Dr. Glessner’s current research focuses on childhood neuropsychiatric and neurodevelopmental disorders along with the genetic architecture associated with them, including single nucleotide polymorphisms, single nucleotide variations, and copy number variations ascertained by genomic technologies.
Dr. Goldberg's research program focuses on investigating cerebral cortical circuit function and dysfunction in neurodevelopmental disorders. Using a variety of research techniques, Dr. Goldberg has a specific research interest in the workings of neuron subtype called GABAergic inhibitory interneuron and the role of interneuron dysfunction in disease.
Dr. Ortiz-Gonzalez is a physician-scientist specializing in pediatric neurogenetics. Her clinical work focuses on finding a unifying genetic diagnosis for children with rare neurodevelopmental disorders. Her research is informed by her patients and focuses on understanding how genetic changes, in particular those affecting mitochondrial function, cause disease so we can develop better treatments for these children in the future.
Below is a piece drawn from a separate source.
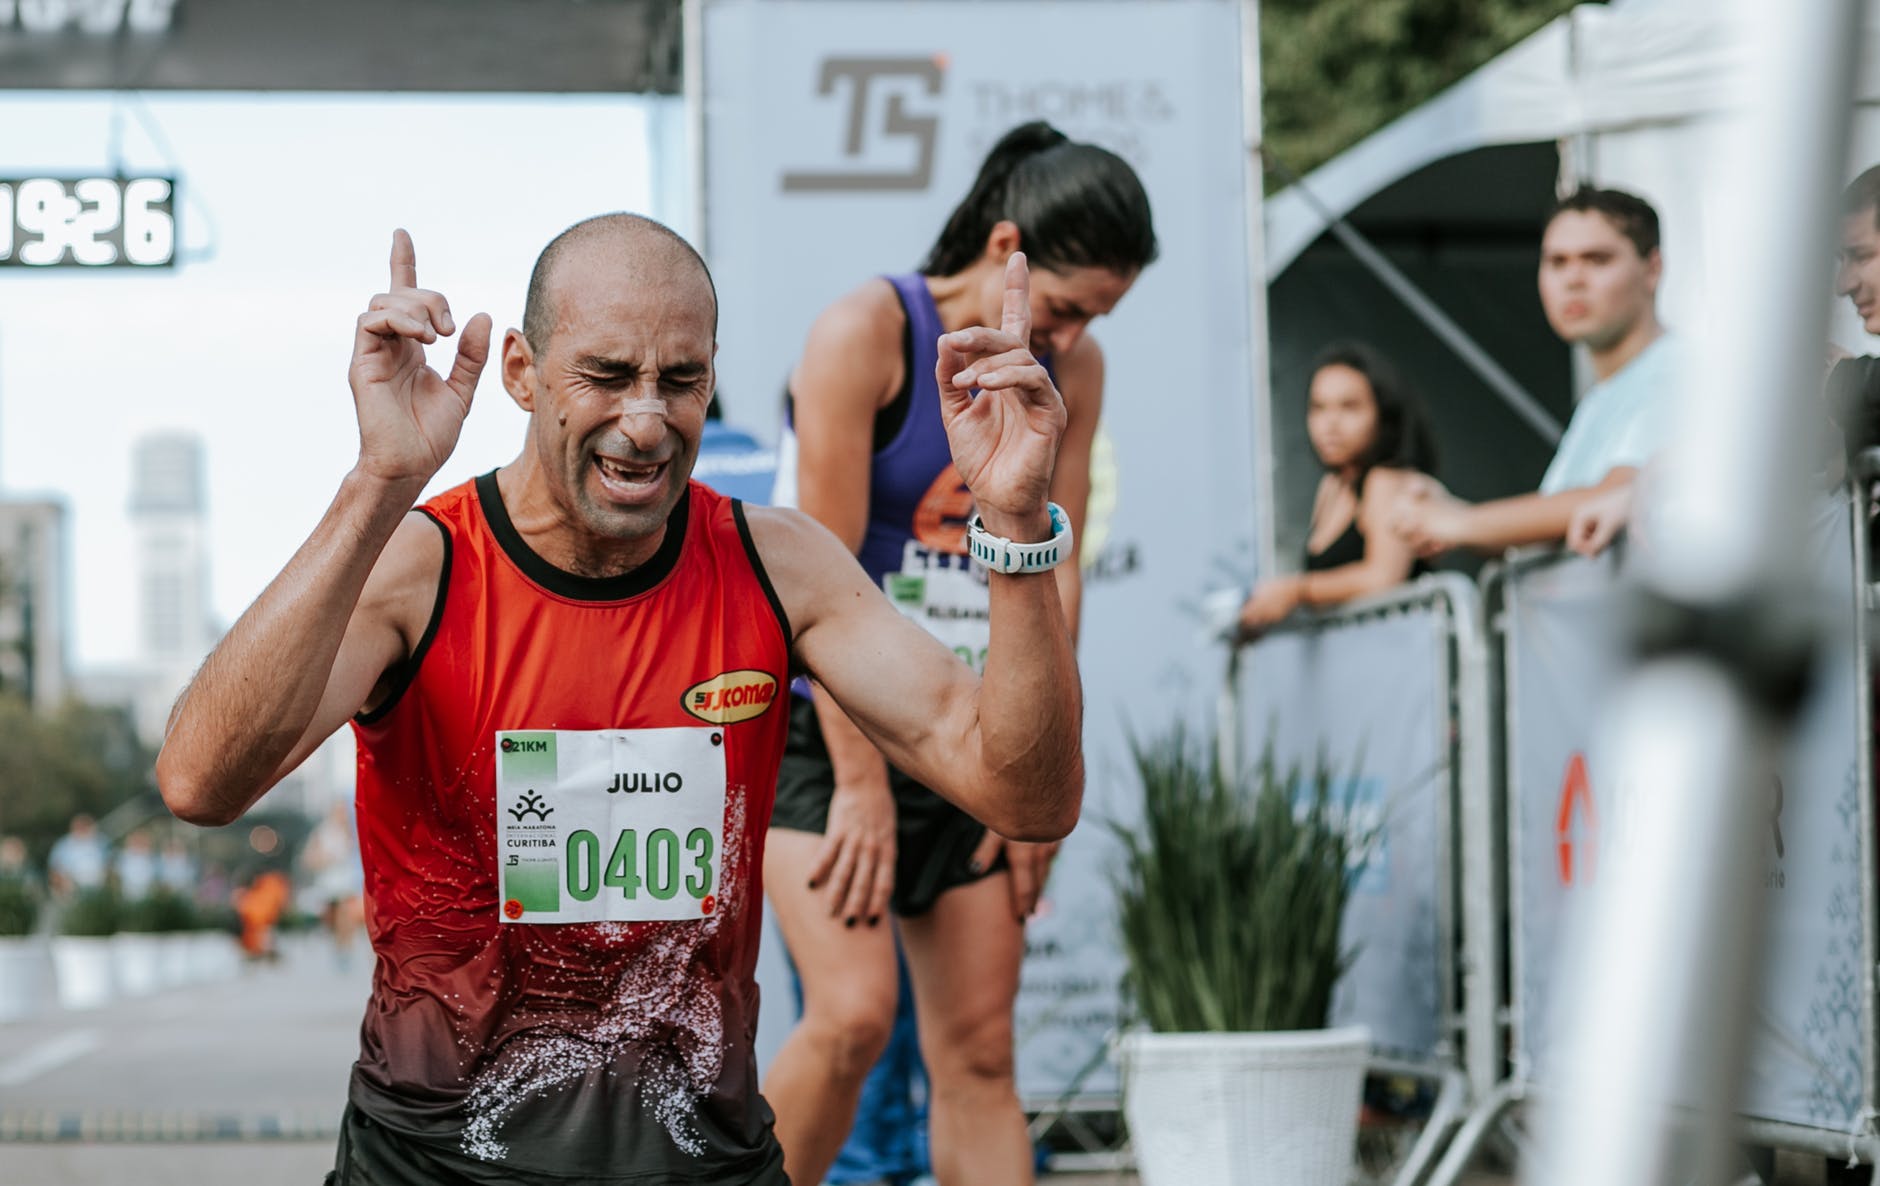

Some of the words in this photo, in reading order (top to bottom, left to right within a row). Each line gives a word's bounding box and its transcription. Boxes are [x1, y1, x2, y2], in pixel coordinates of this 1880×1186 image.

Dr. Miller's research focuses on the diagnostic and classification issues most pressing to autism spectrum disorder (ASD) research, including differentiating ASD from other genetic and psychiatric conditions, diagnosis across the lifespan, and early identification and screening.
Dr. Hocking’s research aims to better understand the neurodevelopmental consequences of having survived childhood cancer or having neurofibromatosis type 1, to identify those who are most at risk for poor outcomes, and to intervene in some way in order to improve quality of life.
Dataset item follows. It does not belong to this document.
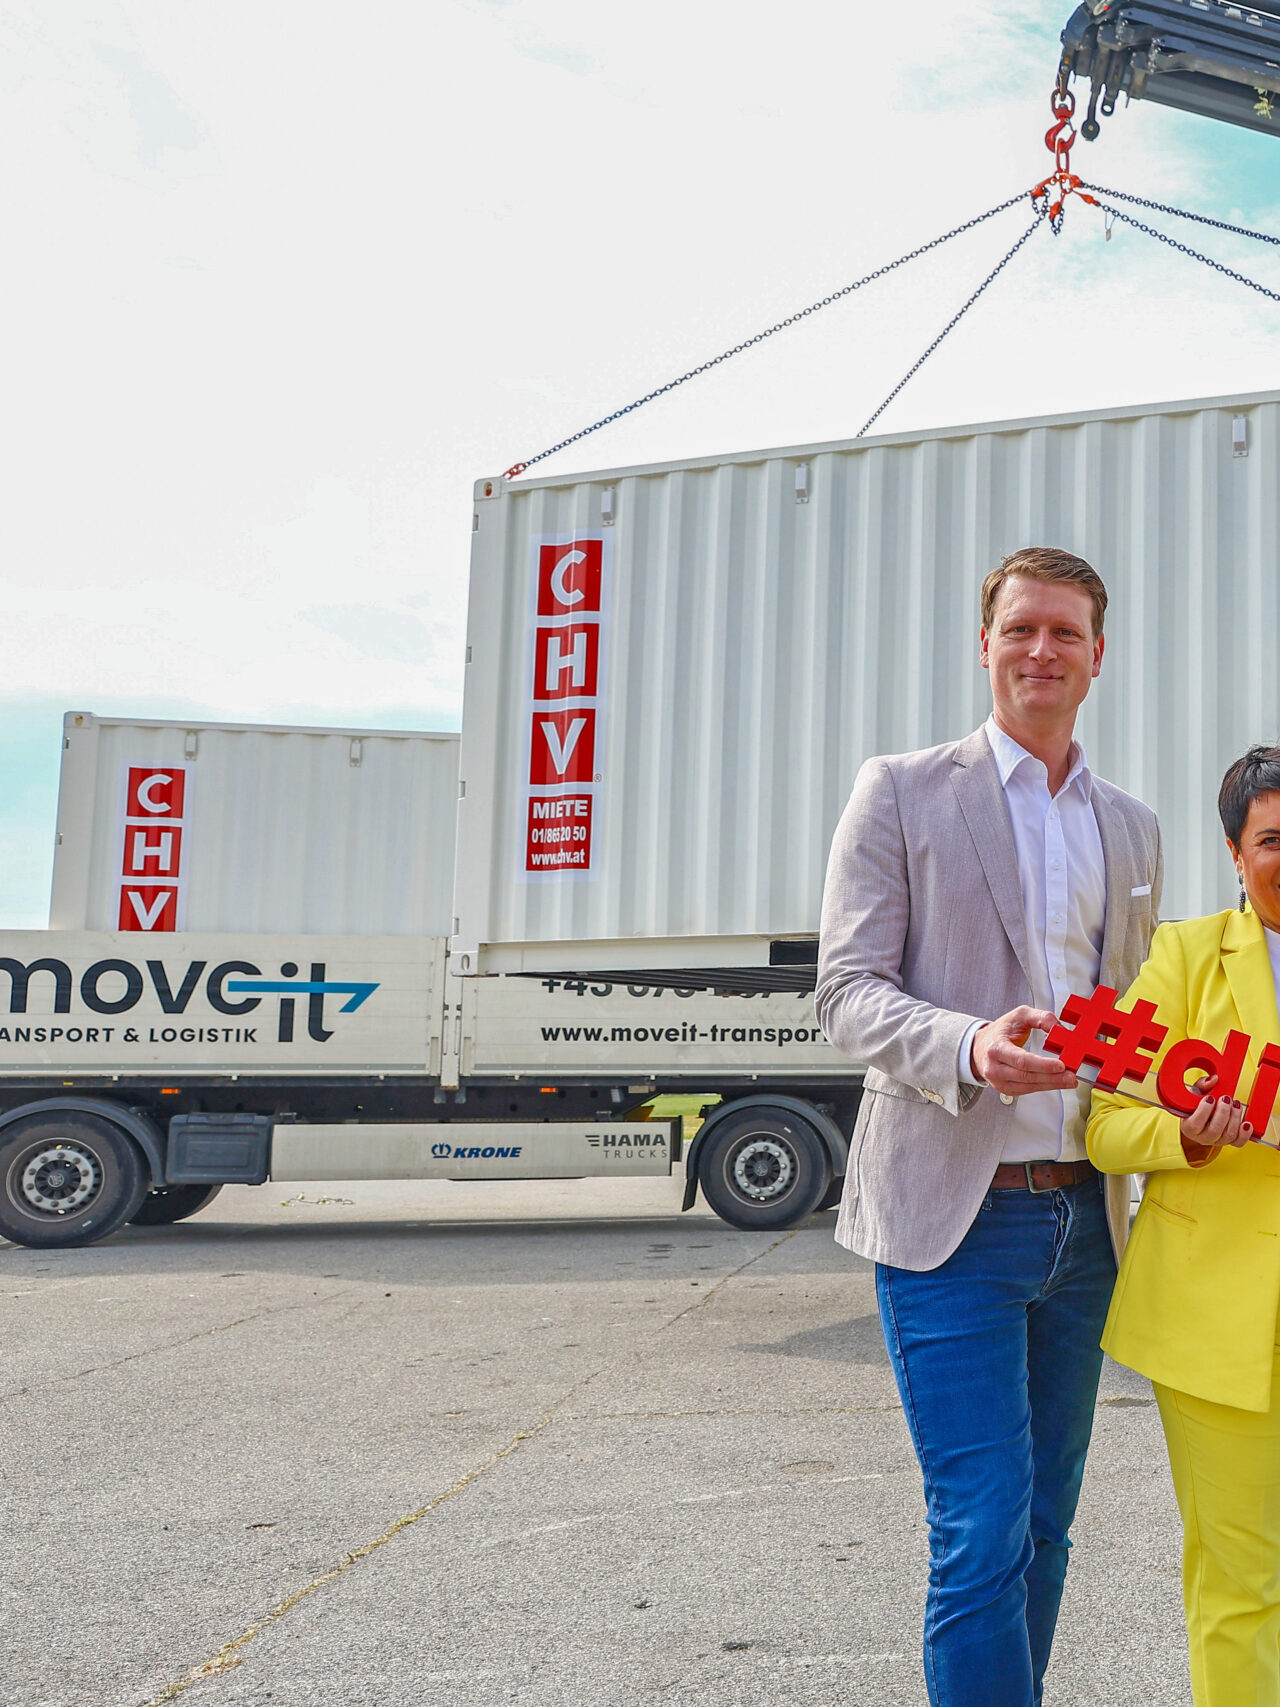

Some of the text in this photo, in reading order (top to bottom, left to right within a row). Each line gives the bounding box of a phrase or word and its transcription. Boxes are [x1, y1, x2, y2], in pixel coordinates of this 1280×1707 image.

Dr. Parish-Morris investigates social communication, specifically how vocal communication develops in children and adolescents with autism spectrum disorder. She uses computational approaches and machine learning to identify objective and reliable behavioral markers for use in screening, treatment and intervention response tracking, and to advance biological research.
Dr. Bhoj's genetics research aims to discover new human disease genes, their mechanisms, and potential targeted therapies. In addition to ongoing gene discovery efforts, Dr. Bhoj focuses on three novel genes that lead to pediatric neurologic dysfunction: TBC1 domain-containing kinase, Histone 3.3 (H3F3A and H3F3B), and MAP4K4.